[Referring expression grounding data]

§ §

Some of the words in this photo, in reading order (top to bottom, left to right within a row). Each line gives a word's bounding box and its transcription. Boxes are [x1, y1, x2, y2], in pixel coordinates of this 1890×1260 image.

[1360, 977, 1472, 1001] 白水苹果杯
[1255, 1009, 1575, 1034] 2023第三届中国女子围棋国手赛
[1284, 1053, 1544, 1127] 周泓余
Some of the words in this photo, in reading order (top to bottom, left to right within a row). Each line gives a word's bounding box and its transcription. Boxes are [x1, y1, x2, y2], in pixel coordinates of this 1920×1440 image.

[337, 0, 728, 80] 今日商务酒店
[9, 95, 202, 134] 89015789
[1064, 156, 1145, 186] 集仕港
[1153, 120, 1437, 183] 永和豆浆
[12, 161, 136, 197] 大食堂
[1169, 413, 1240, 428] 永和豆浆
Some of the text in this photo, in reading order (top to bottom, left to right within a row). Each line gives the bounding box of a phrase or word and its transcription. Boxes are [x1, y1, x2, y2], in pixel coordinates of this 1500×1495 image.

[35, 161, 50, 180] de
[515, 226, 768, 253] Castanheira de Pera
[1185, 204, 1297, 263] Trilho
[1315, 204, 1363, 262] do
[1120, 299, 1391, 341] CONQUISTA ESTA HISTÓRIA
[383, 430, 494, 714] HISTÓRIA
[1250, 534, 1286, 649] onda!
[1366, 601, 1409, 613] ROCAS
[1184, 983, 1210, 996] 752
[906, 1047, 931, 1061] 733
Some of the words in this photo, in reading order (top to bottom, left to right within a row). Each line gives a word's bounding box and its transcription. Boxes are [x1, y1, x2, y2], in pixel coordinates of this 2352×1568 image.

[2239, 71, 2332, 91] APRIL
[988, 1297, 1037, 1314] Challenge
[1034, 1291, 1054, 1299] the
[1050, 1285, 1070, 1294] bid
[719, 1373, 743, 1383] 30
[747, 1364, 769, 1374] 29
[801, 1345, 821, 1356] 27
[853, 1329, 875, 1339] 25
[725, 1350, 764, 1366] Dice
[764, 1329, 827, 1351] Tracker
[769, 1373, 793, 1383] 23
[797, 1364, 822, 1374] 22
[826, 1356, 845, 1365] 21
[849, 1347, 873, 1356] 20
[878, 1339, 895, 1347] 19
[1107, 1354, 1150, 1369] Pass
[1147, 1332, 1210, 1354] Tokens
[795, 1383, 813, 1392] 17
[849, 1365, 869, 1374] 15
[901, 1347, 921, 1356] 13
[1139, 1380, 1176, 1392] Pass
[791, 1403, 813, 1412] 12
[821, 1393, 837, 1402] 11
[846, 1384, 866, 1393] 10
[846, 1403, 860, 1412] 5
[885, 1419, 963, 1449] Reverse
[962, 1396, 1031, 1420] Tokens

§ §

Each of the records is to be repeated word for word.

Written response:
Some of the words in this photo, in reading order (top to bottom, left to right within a row). Each line gives a word's bounding box and its transcription. Boxes are [x1, y1, x2, y2], in pixel coordinates of this 1890×1260 image.

[1360, 977, 1472, 1001] 白水苹果杯
[1255, 1009, 1575, 1034] 2023第三届中国女子围棋国手赛
[1284, 1053, 1544, 1127] 周泓余
Some of the words in this photo, in reading order (top to bottom, left to right within a row). Each line gives a word's bounding box and its transcription. Boxes are [x1, y1, x2, y2], in pixel coordinates of this 1920×1440 image.

[337, 0, 728, 80] 今日商务酒店
[9, 95, 202, 134] 89015789
[1064, 156, 1145, 186] 集仕港
[1153, 120, 1437, 183] 永和豆浆
[12, 161, 136, 197] 大食堂
[1169, 413, 1240, 428] 永和豆浆
Some of the text in this photo, in reading order (top to bottom, left to right within a row). Each line gives the bounding box of a phrase or word and its transcription. Boxes are [x1, y1, x2, y2], in pixel coordinates of this 1500×1495 image.

[35, 161, 50, 180] de
[515, 226, 768, 253] Castanheira de Pera
[1185, 204, 1297, 263] Trilho
[1315, 204, 1363, 262] do
[1120, 299, 1391, 341] CONQUISTA ESTA HISTÓRIA
[383, 430, 494, 714] HISTÓRIA
[1250, 534, 1286, 649] onda!
[1366, 601, 1409, 613] ROCAS
[1184, 983, 1210, 996] 752
[906, 1047, 931, 1061] 733
Some of the words in this photo, in reading order (top to bottom, left to right within a row). Each line gives a word's bounding box and its transcription. Boxes are [x1, y1, x2, y2], in pixel coordinates of this 2352×1568 image.

[2239, 71, 2332, 91] APRIL
[988, 1297, 1037, 1314] Challenge
[1034, 1291, 1054, 1299] the
[1050, 1285, 1070, 1294] bid
[719, 1373, 743, 1383] 30
[747, 1364, 769, 1374] 29
[801, 1345, 821, 1356] 27
[853, 1329, 875, 1339] 25
[725, 1350, 764, 1366] Dice
[764, 1329, 827, 1351] Tracker
[769, 1373, 793, 1383] 23
[797, 1364, 822, 1374] 22
[826, 1356, 845, 1365] 21
[849, 1347, 873, 1356] 20
[878, 1339, 895, 1347] 19
[1107, 1354, 1150, 1369] Pass
[1147, 1332, 1210, 1354] Tokens
[795, 1383, 813, 1392] 17
[849, 1365, 869, 1374] 15
[901, 1347, 921, 1356] 13
[1139, 1380, 1176, 1392] Pass
[791, 1403, 813, 1412] 12
[821, 1393, 837, 1402] 11
[846, 1384, 866, 1393] 10
[846, 1403, 860, 1412] 5
[885, 1419, 963, 1449] Reverse
[962, 1396, 1031, 1420] Tokens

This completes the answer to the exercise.